■ EXERCISE DATA

____________

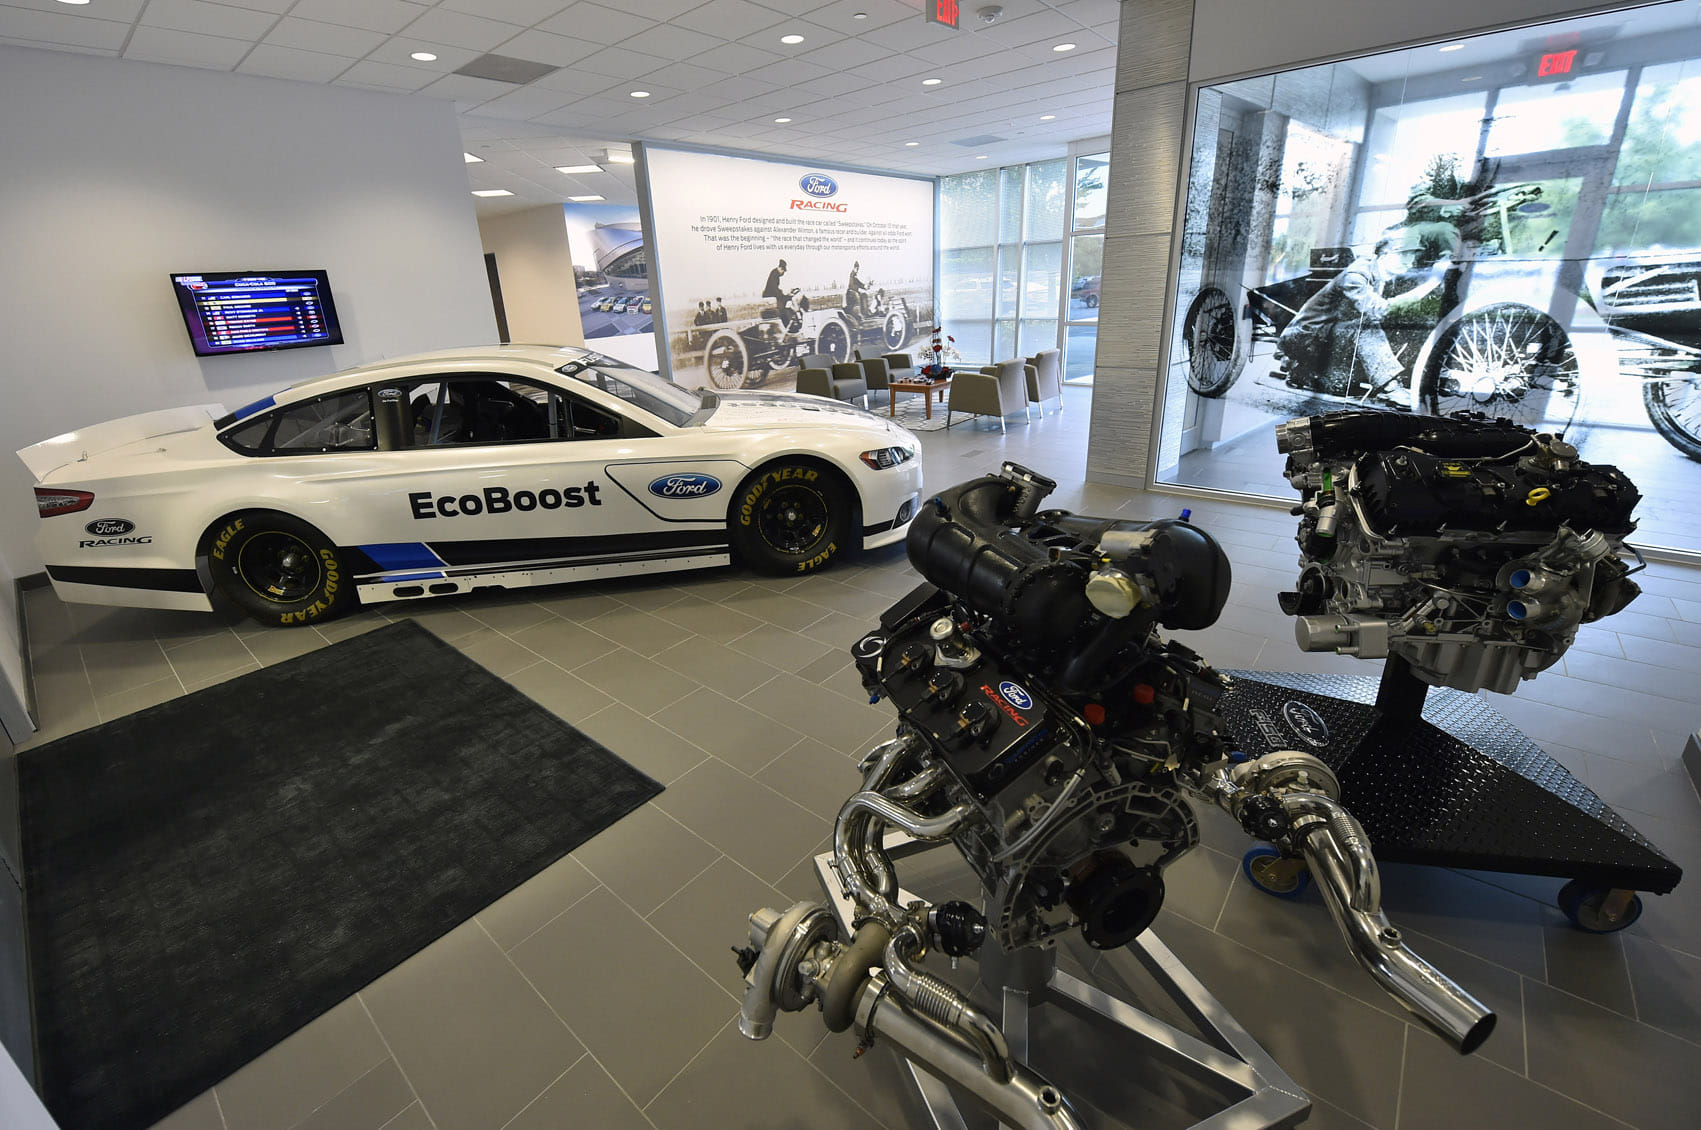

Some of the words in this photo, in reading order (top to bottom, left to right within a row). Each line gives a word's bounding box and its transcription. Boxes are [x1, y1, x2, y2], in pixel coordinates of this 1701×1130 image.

[1538, 50, 1577, 77] EXIT
[790, 199, 848, 212] RACING
[717, 225, 753, 233] Sweepstakes
[722, 216, 738, 224] Henry
[408, 481, 602, 519] EcoBoost
[663, 477, 708, 495] Ford
[740, 468, 818, 526] GOODYEAR
[79, 536, 152, 548] RACING
[213, 518, 245, 560] EAGLE
[797, 542, 837, 572] EAGLE
[280, 549, 340, 624] GOODYEAR
[979, 684, 1029, 727] RACING
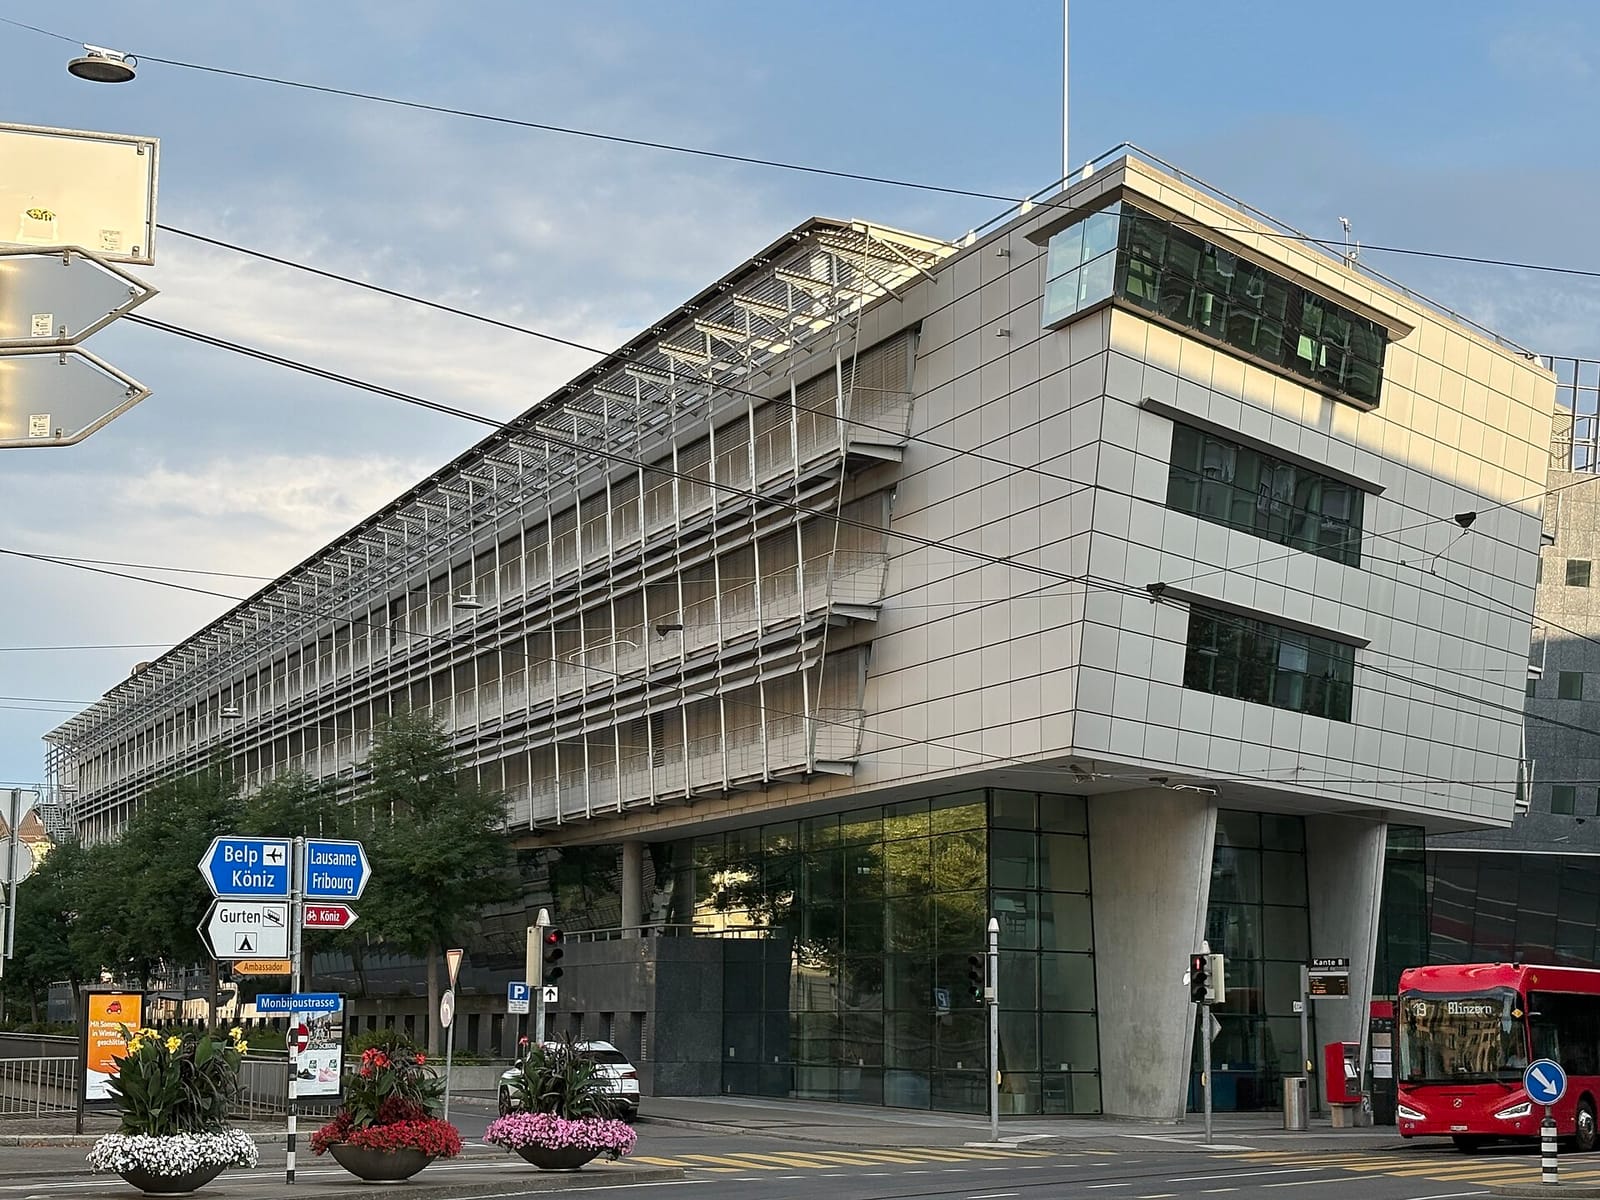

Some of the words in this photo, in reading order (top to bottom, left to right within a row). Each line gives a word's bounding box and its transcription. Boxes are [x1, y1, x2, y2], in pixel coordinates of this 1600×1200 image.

[224, 845, 258, 867] Belp
[311, 849, 357, 866] Lausanne
[232, 870, 275, 888] Köniz
[312, 873, 354, 893] Fribourg
[220, 909, 261, 923] Gurten
[320, 910, 340, 922] Köniz
[244, 963, 283, 971] Ambassador
[1313, 958, 1336, 966] Kante
[1338, 958, 1343, 966] B
[514, 985, 525, 999] P
[261, 997, 335, 1011] Monbijoustrasse
[1413, 1002, 1427, 1017] 19
[1448, 1001, 1492, 1015] Blinzern
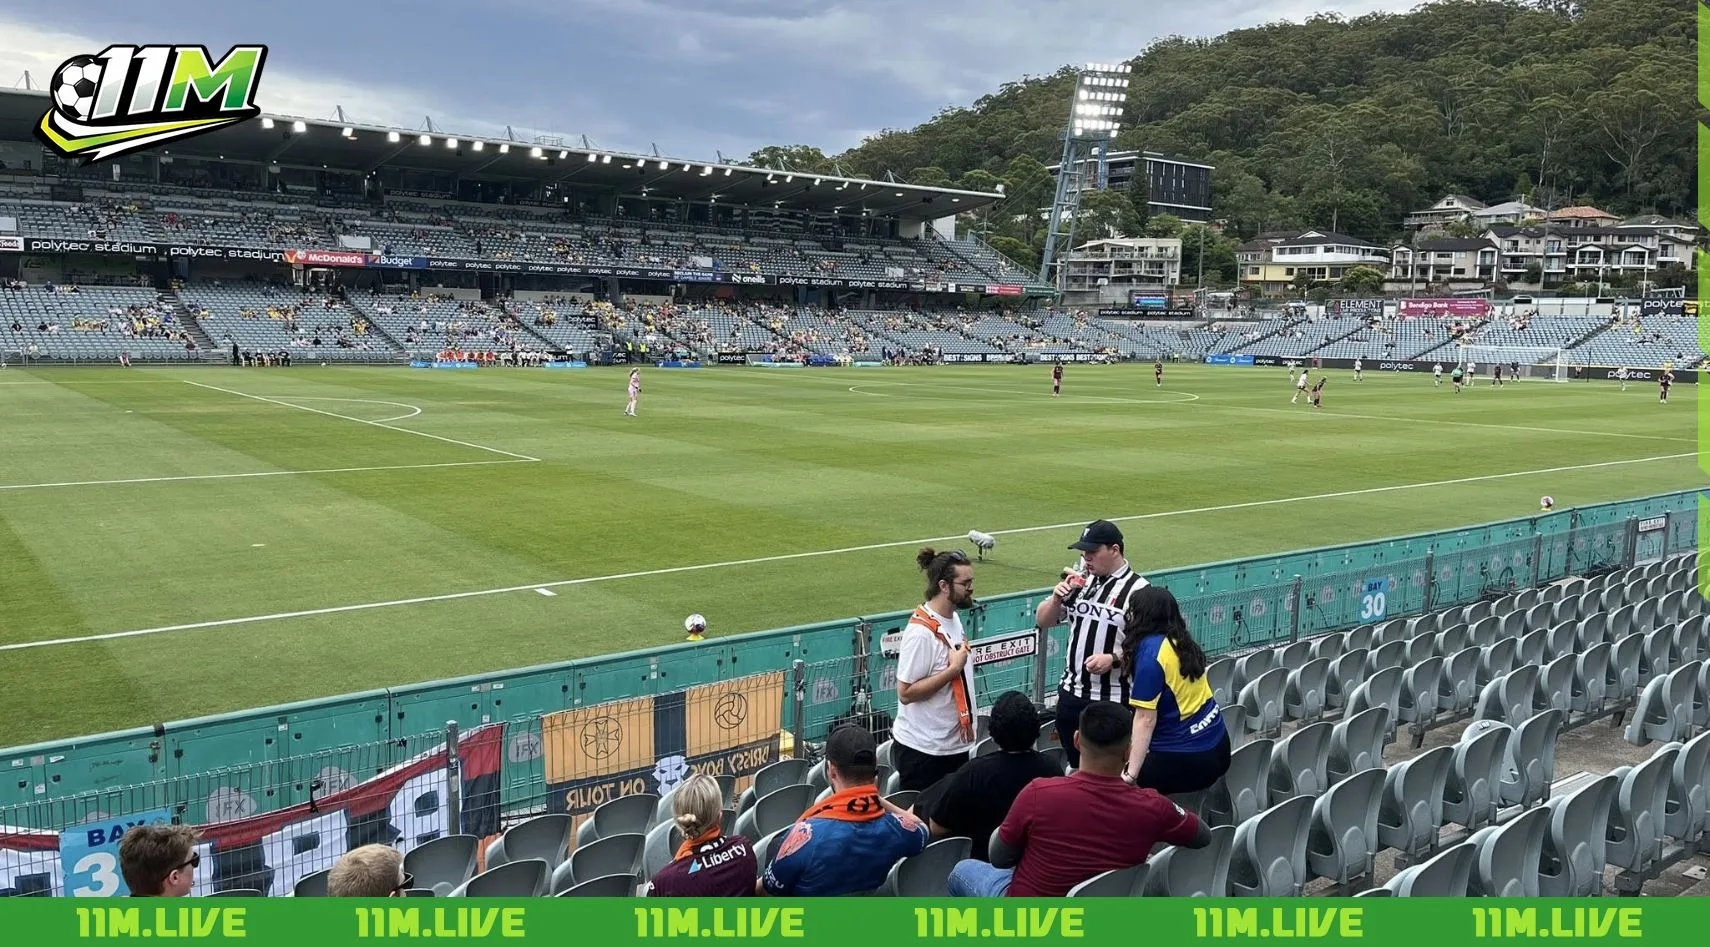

____________

■ TASK INSTRUCTIONS
Print each entry above verbatim, pictures left out.

■ EXERCISE OUTPUT
Some of the words in this photo, in reading order (top to bottom, left to right within a row). Each line gives a word's bounding box and its transcription. Boxes are [x1, y1, x2, y2], in pixel coordinates of this 1701×1130 image.

[1538, 50, 1577, 77] EXIT
[790, 199, 848, 212] RACING
[717, 225, 753, 233] Sweepstakes
[722, 216, 738, 224] Henry
[408, 481, 602, 519] EcoBoost
[663, 477, 708, 495] Ford
[740, 468, 818, 526] GOODYEAR
[79, 536, 152, 548] RACING
[213, 518, 245, 560] EAGLE
[797, 542, 837, 572] EAGLE
[280, 549, 340, 624] GOODYEAR
[979, 684, 1029, 727] RACING

Some of the words in this photo, in reading order (top to bottom, left to right within a row). Each line gives a word's bounding box and its transcription. Boxes are [x1, y1, x2, y2], in pixel coordinates of this 1600×1200 image.

[224, 845, 258, 867] Belp
[311, 849, 357, 866] Lausanne
[232, 870, 275, 888] Köniz
[312, 873, 354, 893] Fribourg
[220, 909, 261, 923] Gurten
[320, 910, 340, 922] Köniz
[244, 963, 283, 971] Ambassador
[1313, 958, 1336, 966] Kante
[1338, 958, 1343, 966] B
[514, 985, 525, 999] P
[261, 997, 335, 1011] Monbijoustrasse
[1413, 1002, 1427, 1017] 19
[1448, 1001, 1492, 1015] Blinzern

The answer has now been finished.